## Task instructions
Below is a listing. Gather each line of it that contains "words".

START Supplied material

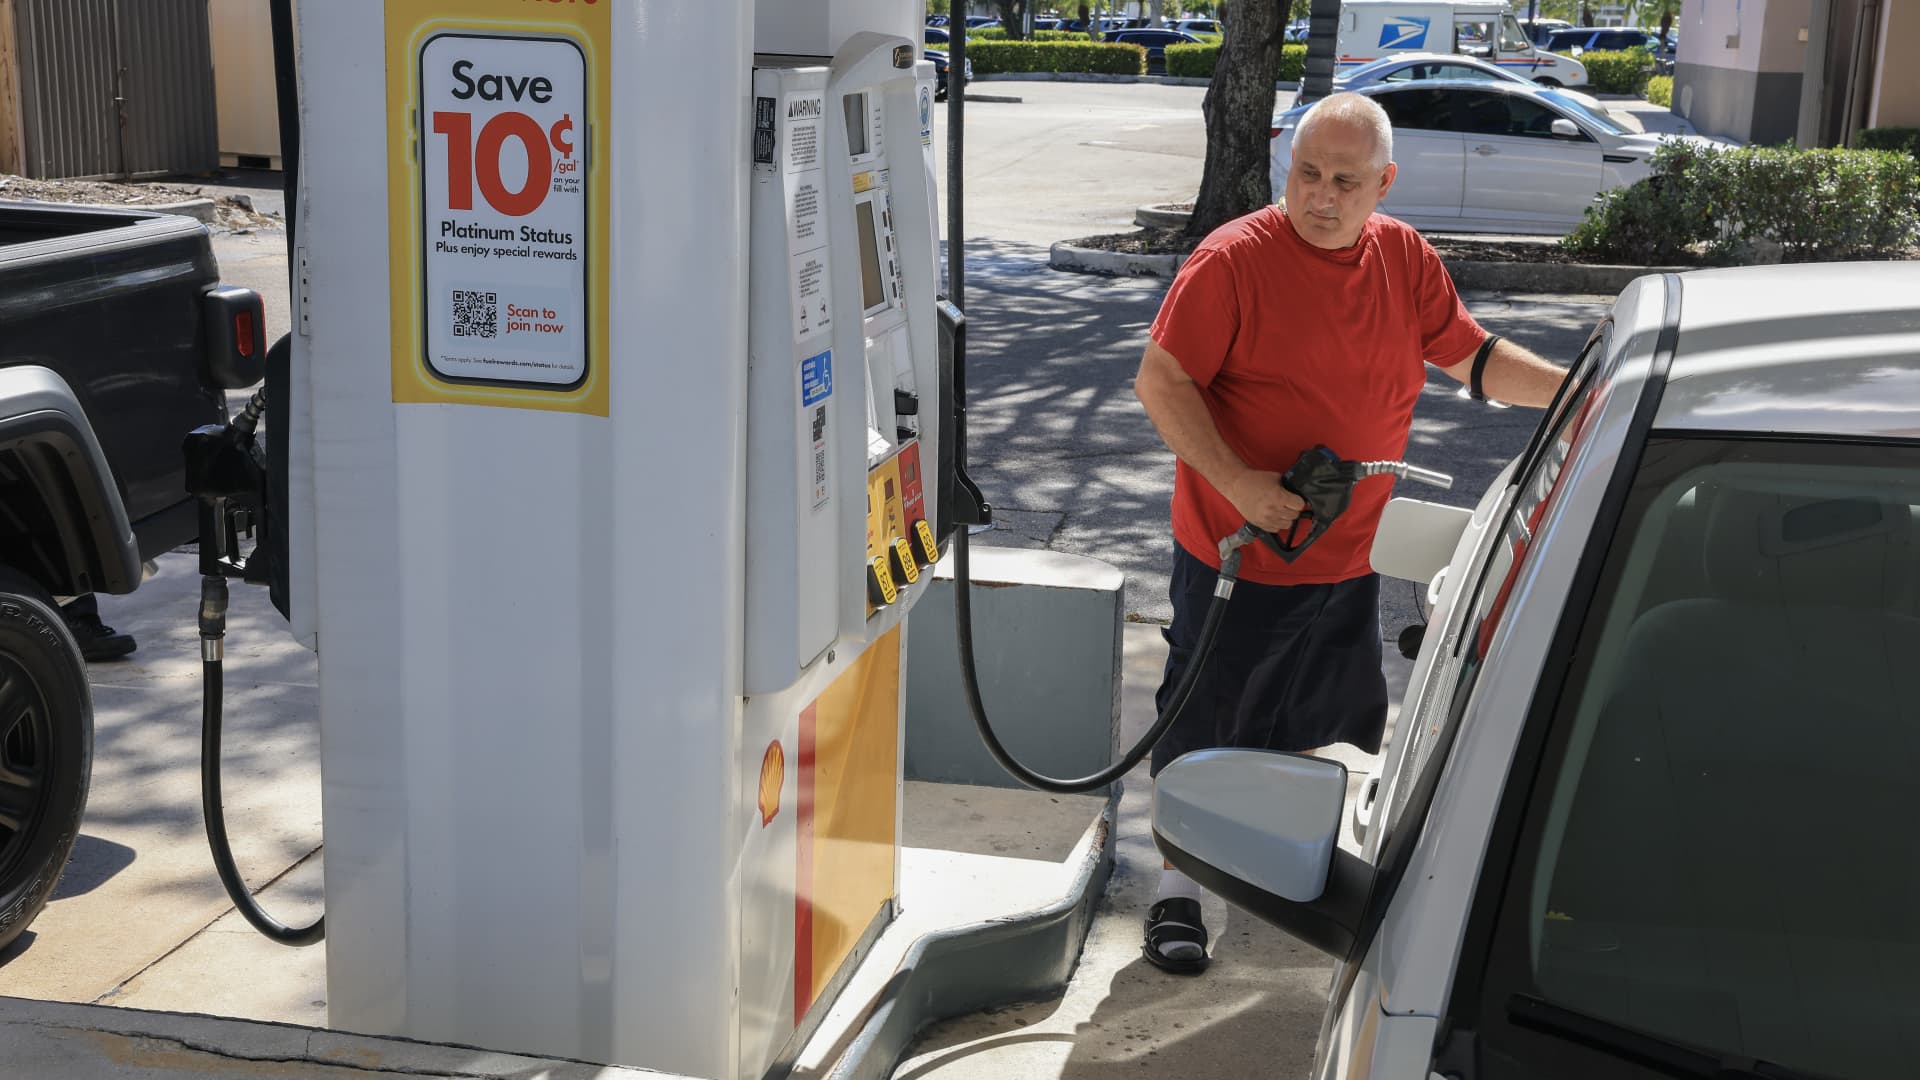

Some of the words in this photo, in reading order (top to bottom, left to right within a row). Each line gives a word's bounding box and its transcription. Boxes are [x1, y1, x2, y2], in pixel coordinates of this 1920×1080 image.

END Supplied material
START Supplied material

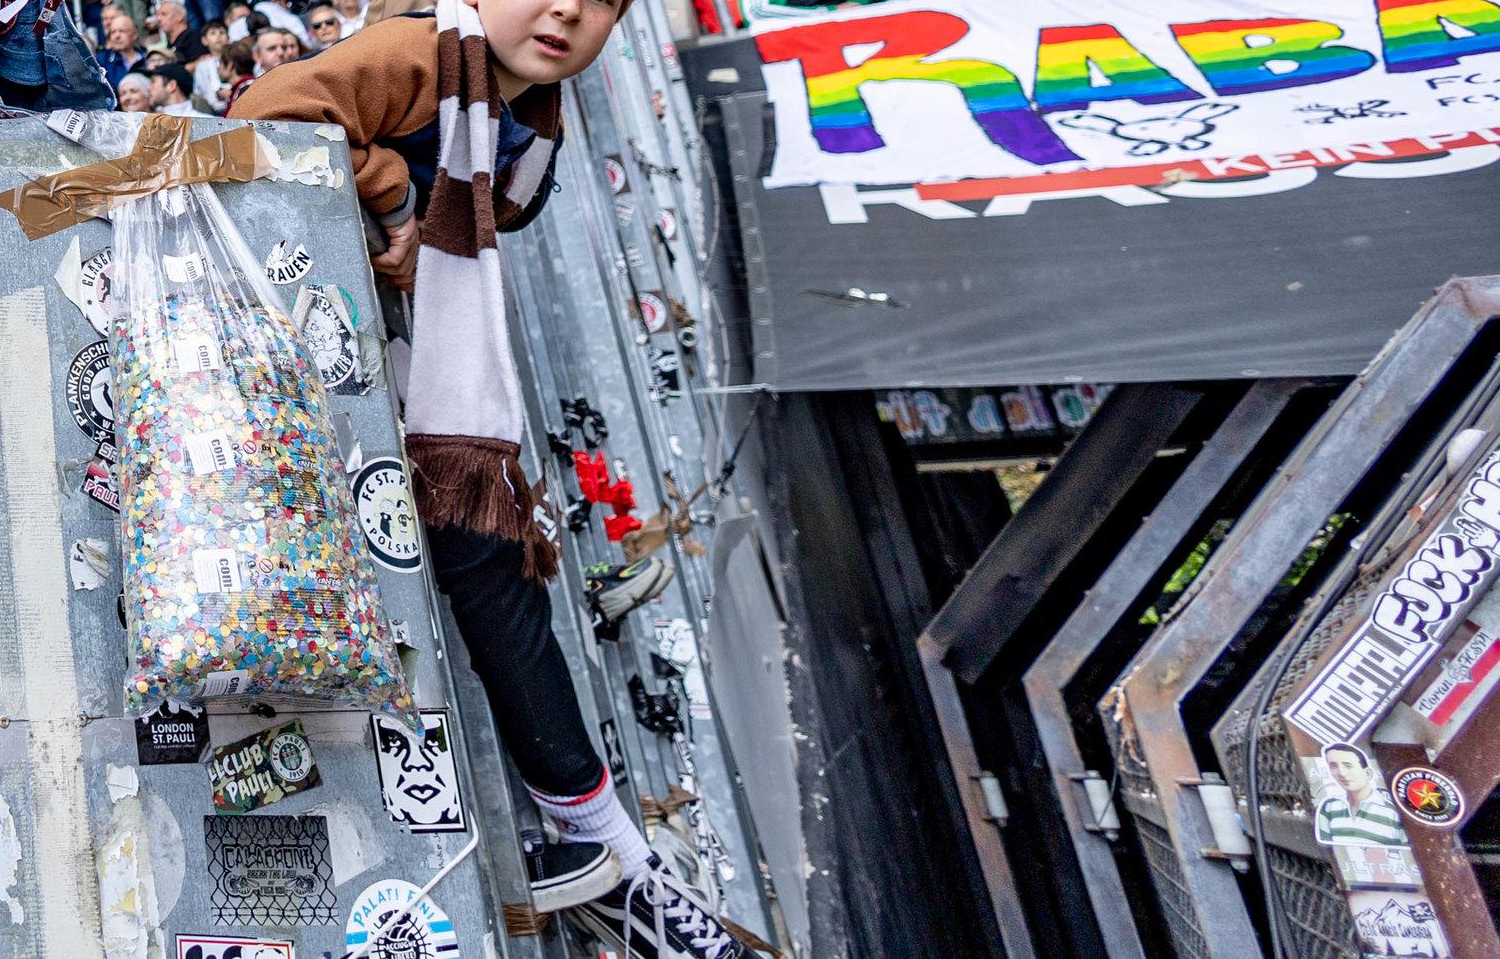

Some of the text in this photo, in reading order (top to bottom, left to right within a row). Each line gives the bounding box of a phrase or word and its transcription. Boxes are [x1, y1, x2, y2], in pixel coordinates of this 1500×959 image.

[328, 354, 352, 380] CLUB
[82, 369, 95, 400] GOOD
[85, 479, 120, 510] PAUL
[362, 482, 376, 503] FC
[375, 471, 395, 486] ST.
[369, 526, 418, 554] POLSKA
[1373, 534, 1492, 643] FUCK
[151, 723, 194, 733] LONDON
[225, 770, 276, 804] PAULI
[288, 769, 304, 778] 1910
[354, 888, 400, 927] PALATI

END Supplied material
START Supplied material

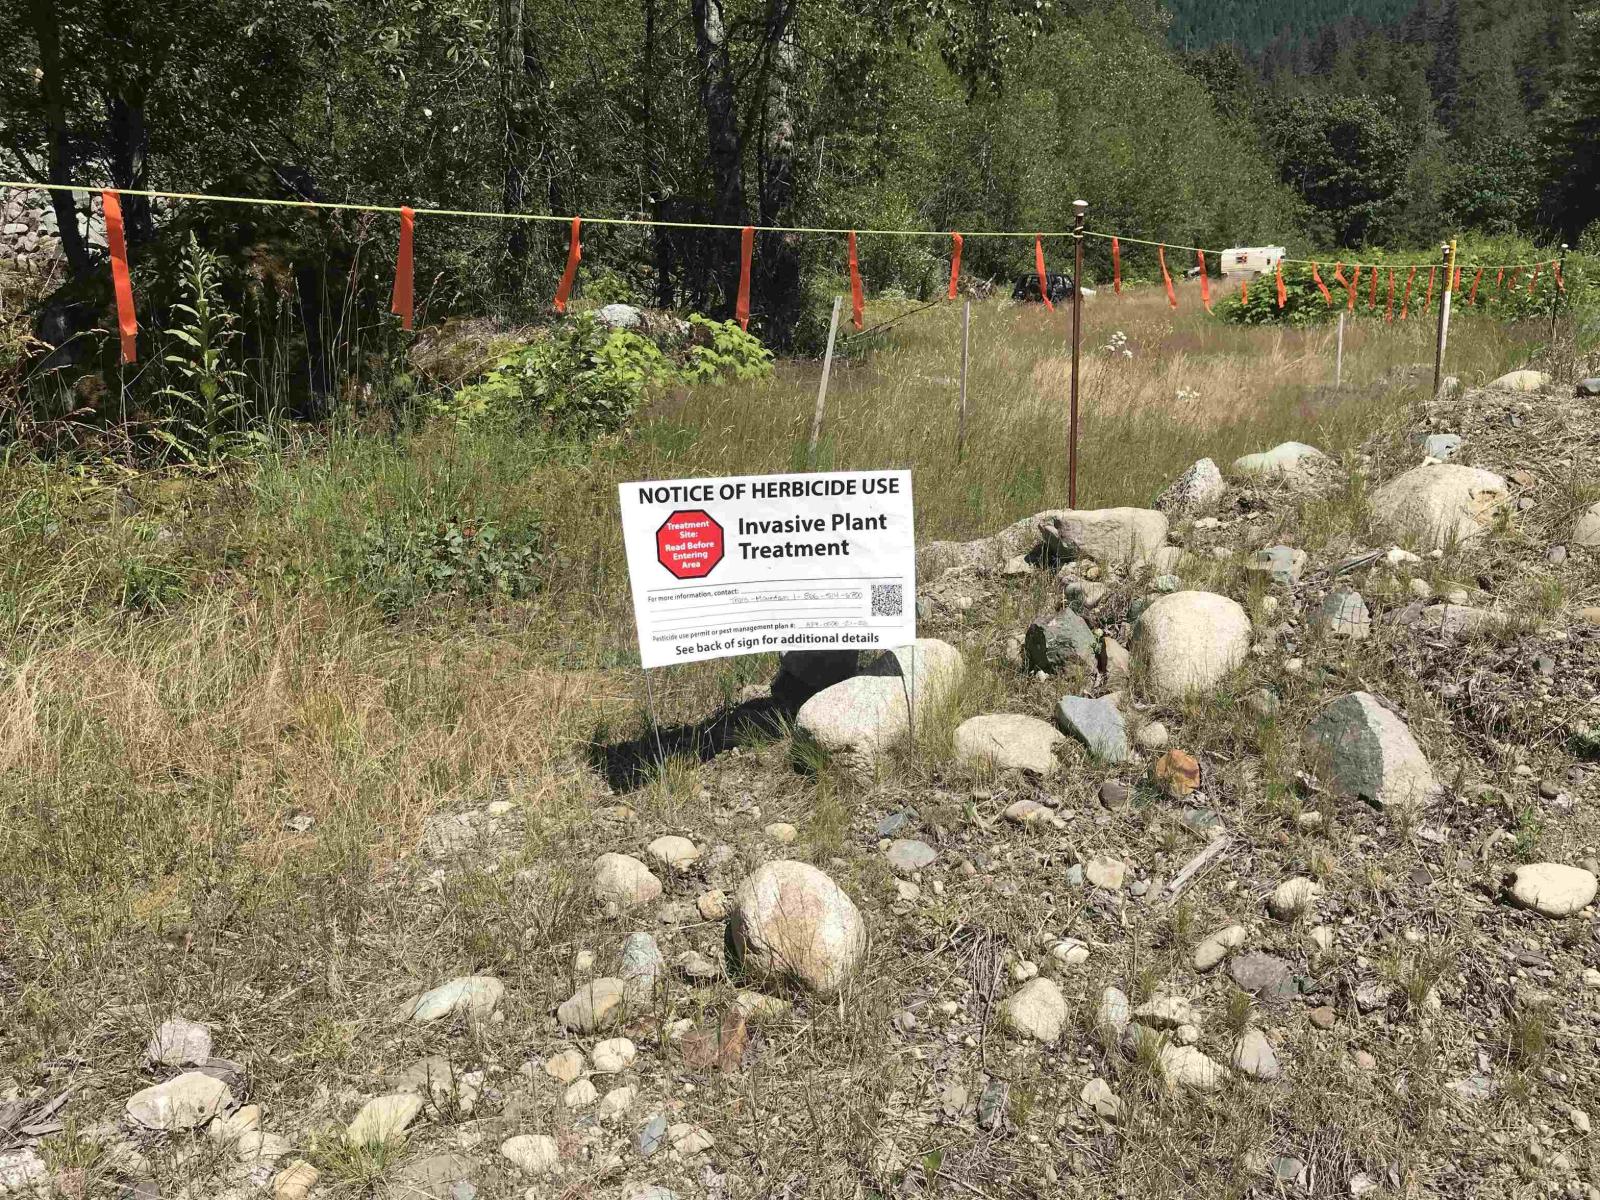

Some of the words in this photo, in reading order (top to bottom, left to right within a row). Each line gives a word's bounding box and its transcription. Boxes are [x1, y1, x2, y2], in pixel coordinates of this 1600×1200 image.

END Supplied material

## Task result
Some of the words in this photo, in reading order (top to bottom, left to right within a row). Each line gives a word's bounding box and its transcription. Boxes are [x1, y1, x2, y2], in pixel coordinates of this 1920×1080 image.
Some of the words in this photo, in reading order (top to bottom, left to right within a row). Each line gives a word's bounding box and its transcription. Boxes are [x1, y1, x2, y2], in pixel coordinates of this 1600×1200 image.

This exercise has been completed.